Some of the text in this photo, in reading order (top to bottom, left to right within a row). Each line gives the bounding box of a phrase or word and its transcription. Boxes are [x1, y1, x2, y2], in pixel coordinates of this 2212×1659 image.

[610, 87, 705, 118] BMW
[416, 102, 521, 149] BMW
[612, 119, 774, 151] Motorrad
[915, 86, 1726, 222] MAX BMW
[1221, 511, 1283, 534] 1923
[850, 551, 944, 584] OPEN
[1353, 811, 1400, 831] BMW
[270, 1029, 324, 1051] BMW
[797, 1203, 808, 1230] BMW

:::::

Task goal
Each line shown above must be repeated exactly.

Solution for this task
Some of the text in this photo, in reading order (top to bottom, left to right within a row). Each line gives the bounding box of a phrase or word and its transcription. Boxes are [x1, y1, x2, y2], in pixel coordinates of this 2212×1659 image.

[610, 87, 705, 118] BMW
[416, 102, 521, 149] BMW
[612, 119, 774, 151] Motorrad
[915, 86, 1726, 222] MAX BMW
[1221, 511, 1283, 534] 1923
[850, 551, 944, 584] OPEN
[1353, 811, 1400, 831] BMW
[270, 1029, 324, 1051] BMW
[797, 1203, 808, 1230] BMW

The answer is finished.